In 2010, Moby moved from New York to LA leaving behind the drink and drug excess that had been a feature of his life since childhood.

The star, now 52, said: “I started doing drugs and drinking when I was 10.

“By the time I was 13, I’d already had some bad experience­s.

“The older I got, alcohol and drugs were the only good things in my life – they were the only things that consistent­ly and predictabl­y worked.

“I was getting sick and I couldn’t have relationsh­ips, I was depressed and I was anxious, but I could always take comfort in alcohol and drugs.
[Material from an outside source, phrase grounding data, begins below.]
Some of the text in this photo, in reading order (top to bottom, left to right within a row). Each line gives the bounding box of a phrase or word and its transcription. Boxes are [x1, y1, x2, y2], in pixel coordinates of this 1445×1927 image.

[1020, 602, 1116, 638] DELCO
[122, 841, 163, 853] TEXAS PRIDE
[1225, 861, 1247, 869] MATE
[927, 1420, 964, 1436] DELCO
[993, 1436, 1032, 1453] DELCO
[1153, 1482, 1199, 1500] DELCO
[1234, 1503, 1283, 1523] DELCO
The problem was that the hangovers started lasting 36 or 48 hours, and it got to the point I couldn’t even really string sentences together. “I was sleeping until five or six in the afternoon every day.” As he releases his moving but troubled new album Everything Was Beautiful, And Nothing Hurt, Moby is making another break with his past by selling almost all of the records and musical equipment that fuelled his career. He said: “I moved house recently and I had the practical thought that I haven’t played these records in a long time. Most of the musical equipment I have I haven’t used in a long time. So the idea is to sell everything and give the money to this organisati­on I work with called the Physicians’ Committee for Responsibl­e Medicine.” In his 2016 memoir Porcelain, Moby recounted an extraordin­ary life journey from poverty to popularity, through a series of mismatched relationsh­ips.
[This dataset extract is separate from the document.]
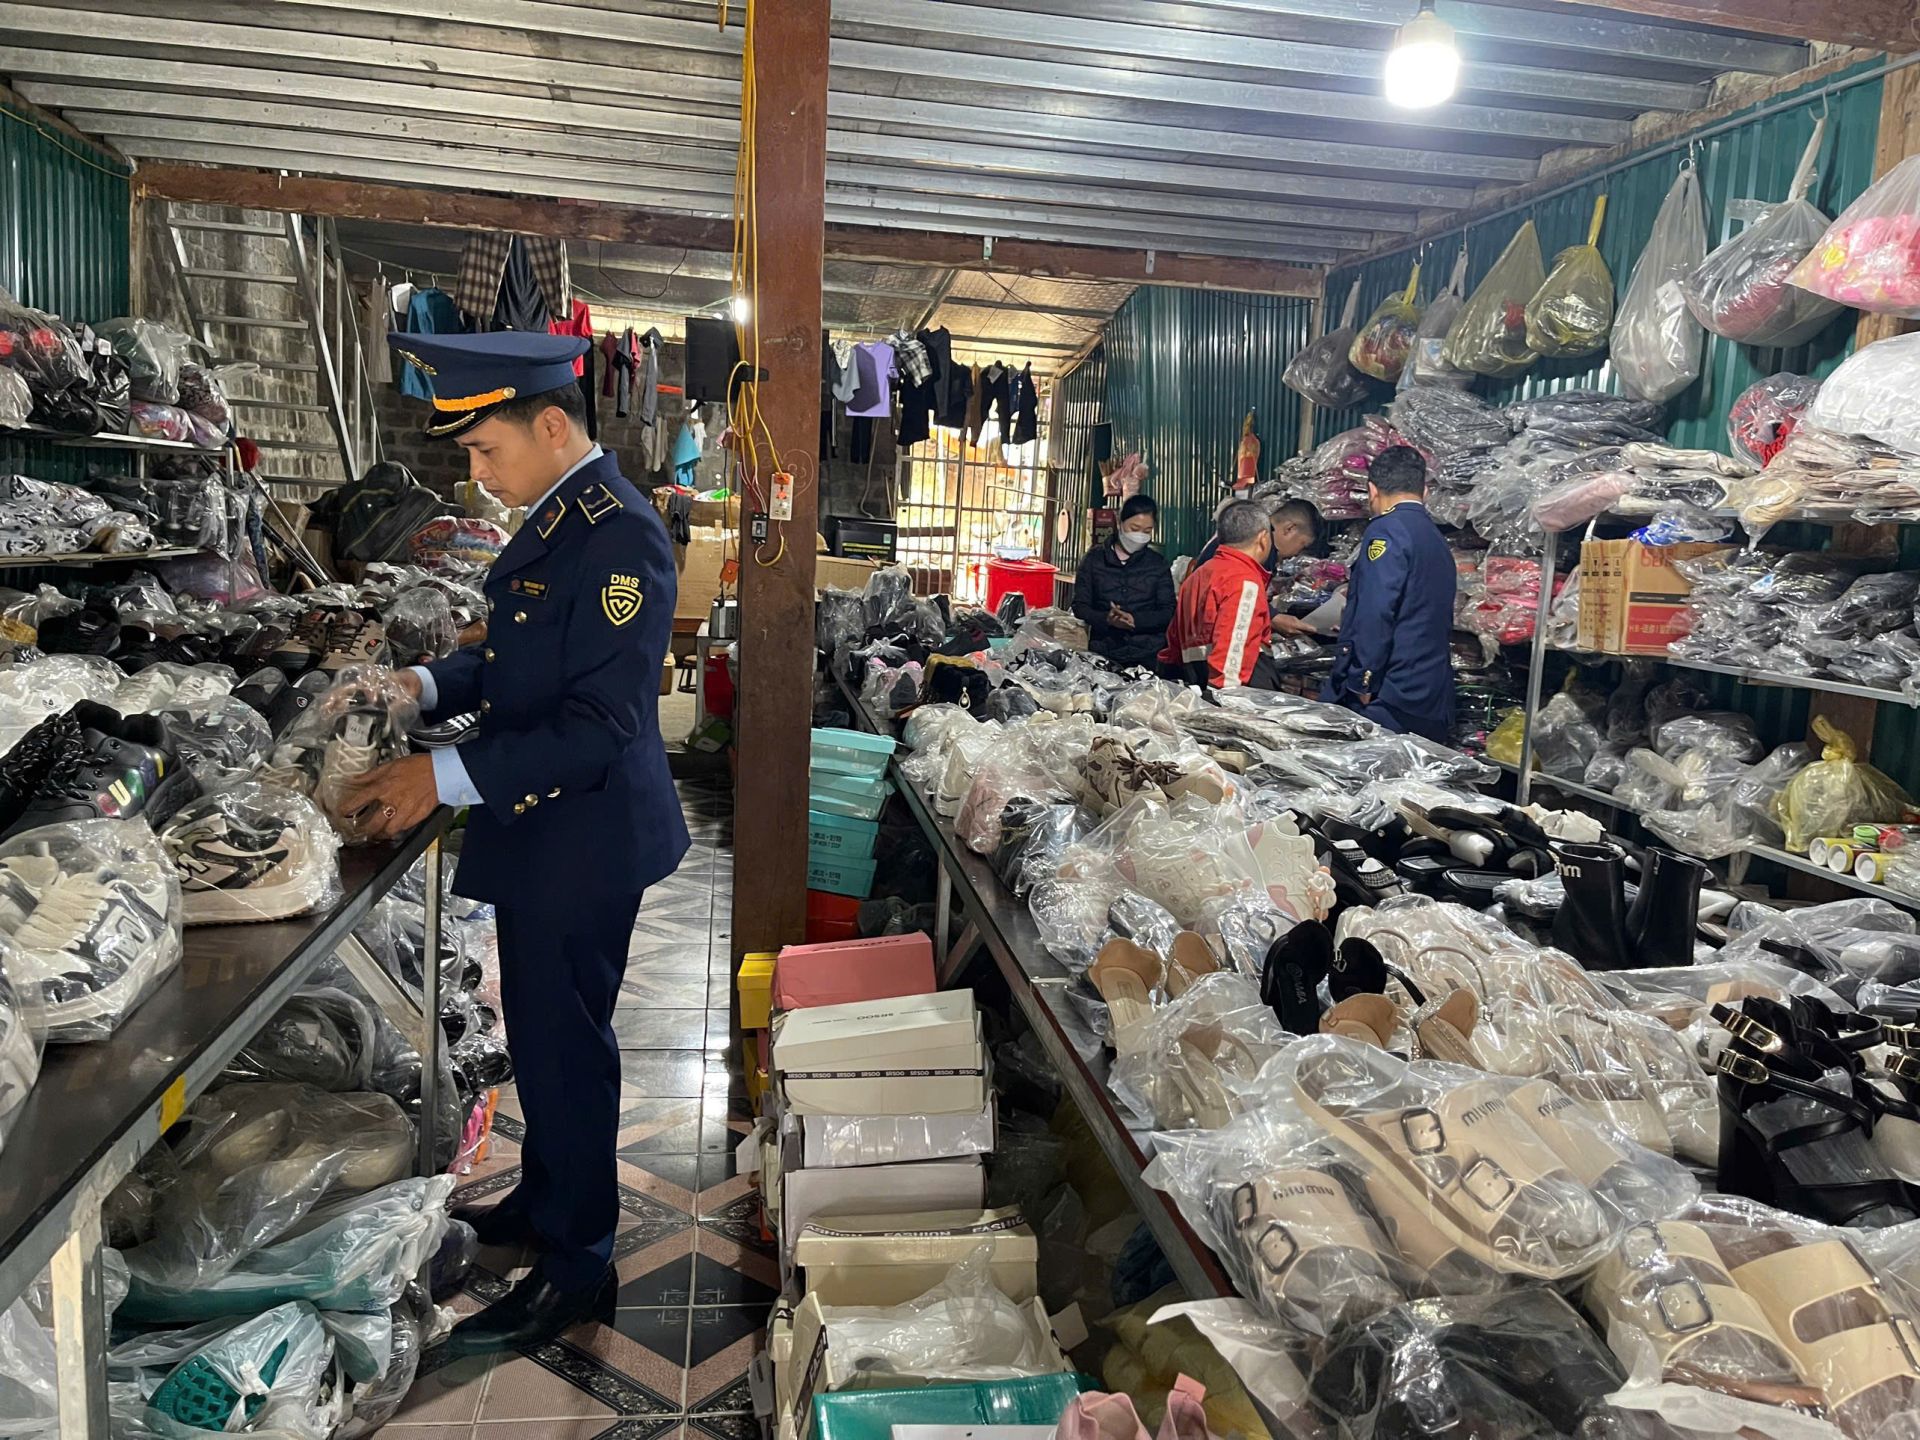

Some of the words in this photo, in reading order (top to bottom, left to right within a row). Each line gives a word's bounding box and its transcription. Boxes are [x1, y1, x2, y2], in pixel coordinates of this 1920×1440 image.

[610, 573, 640, 588] DMS
[805, 1224, 863, 1237] ASHION
[972, 1215, 1025, 1234] FASHIO
He said: “I’m single and middle-aged. I come home to an empty house. There is a wistfulnes­s where you imagine ‘Wouldn’t it be nice to come home to a house where there’s someone who loves me and has my best interests at heart?’
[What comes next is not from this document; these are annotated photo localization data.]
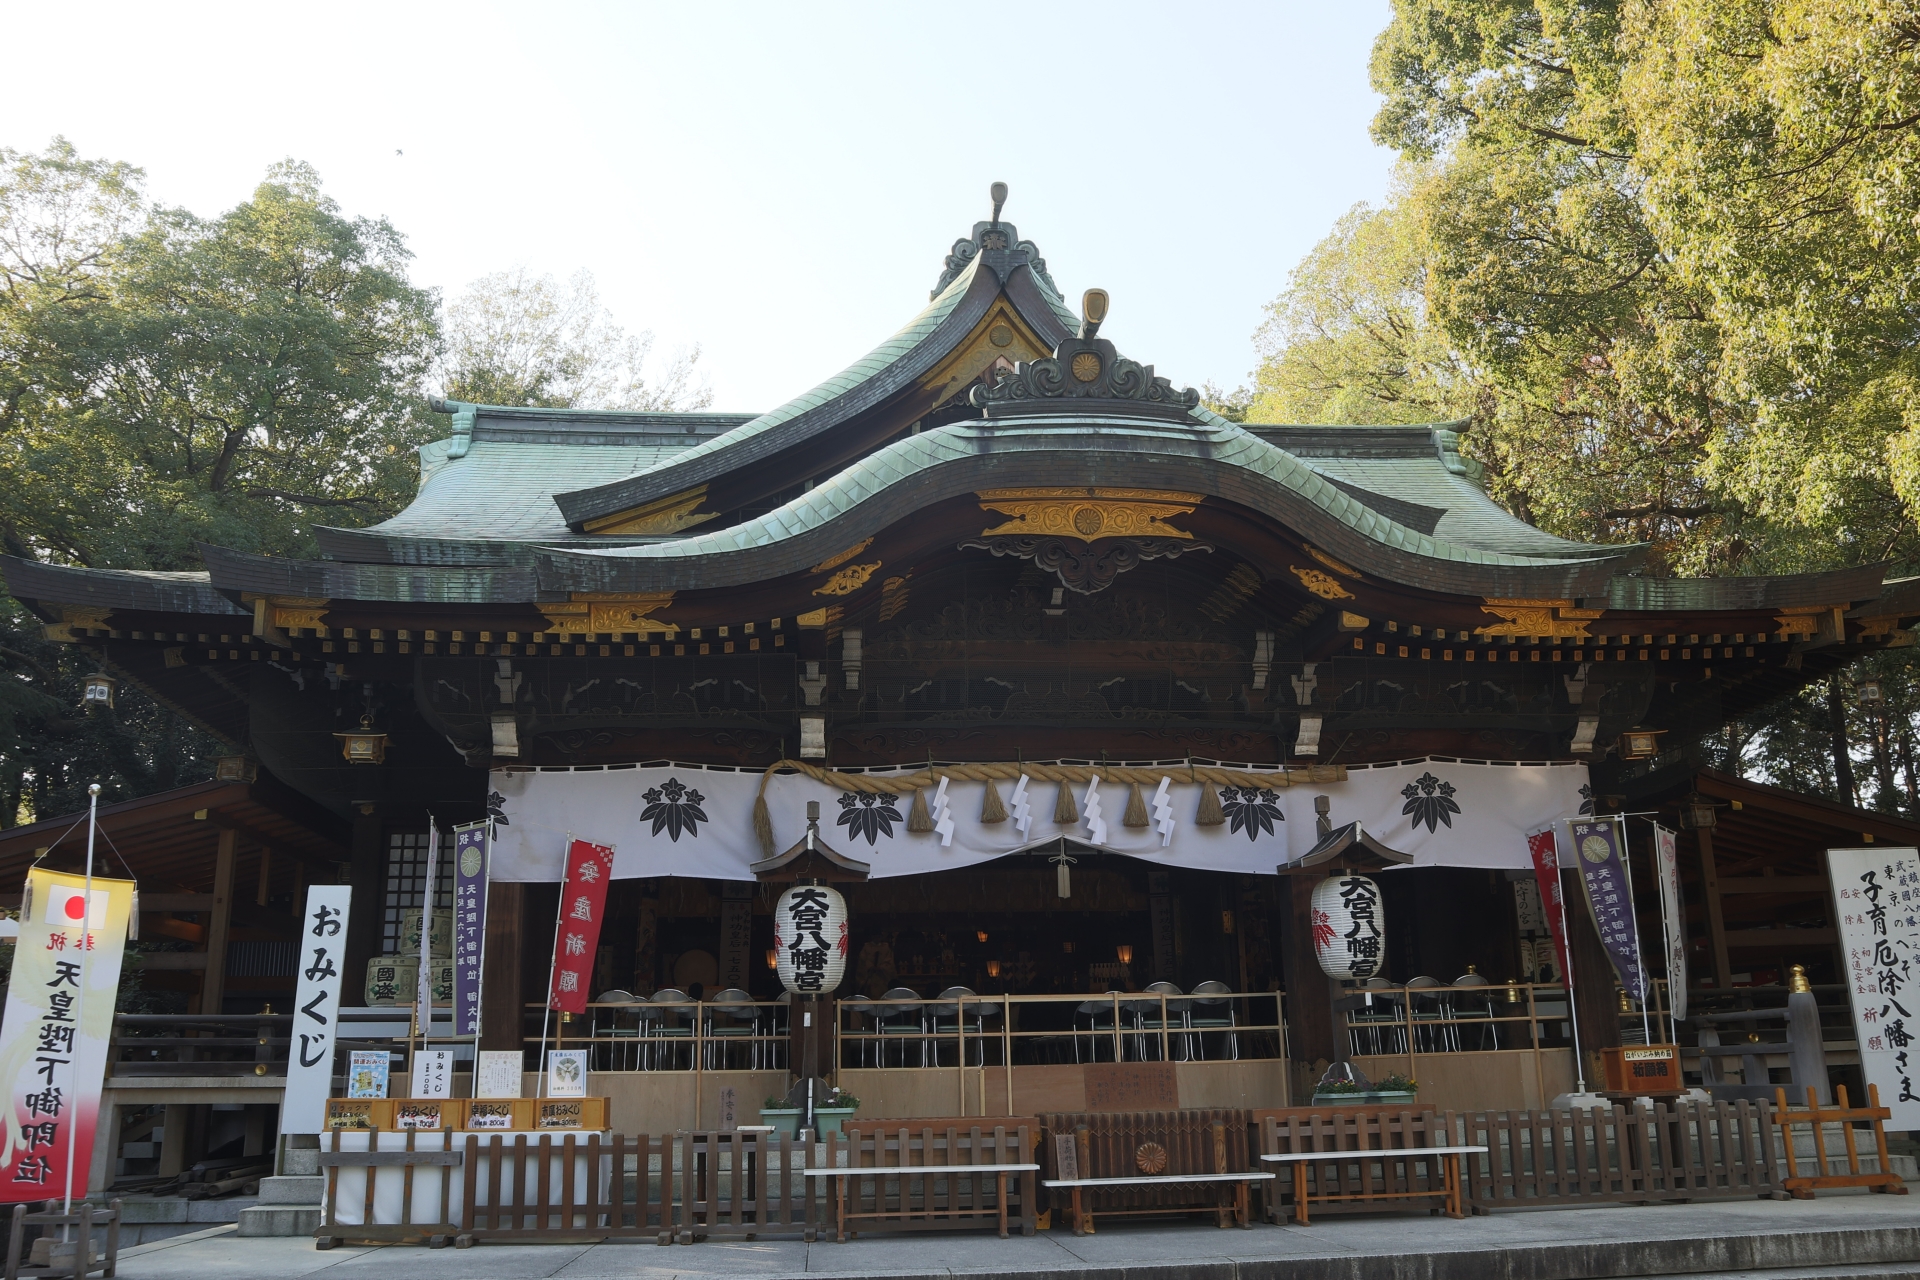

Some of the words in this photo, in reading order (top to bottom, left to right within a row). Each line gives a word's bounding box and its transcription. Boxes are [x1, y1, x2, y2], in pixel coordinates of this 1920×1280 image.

[788, 889, 831, 991] 大宮八幡宮
[1339, 877, 1381, 977] 大宮八幡宮
[1884, 865, 1911, 980] 東京のへそ
[299, 905, 341, 1068] おみくじ
[376, 967, 397, 1000] 國盛
[1860, 870, 1920, 1103] 子育厄除八幡さま
[1863, 1007, 1884, 1051] 祈願
[434, 1051, 445, 1092] おみくじ
[1632, 1061, 1668, 1077] 祈願箱
[401, 1105, 439, 1116] おみくじ
“But there’s a lot of flexibilit­y that comes with being single. It’s a trade-off.”

Raised by a single mother – his father died when he was two – Moby has no wish to be a parent himself.

“In the past I would give lip service to it,” he admitted, “but it always just seemed more like a pleasant idea than something I wanted. It’s easy to not have a kid but it’s a hard thing to say in public. I’m really happy without children.” ● Everything Was Beautiful, And Nothing Hurt is out today.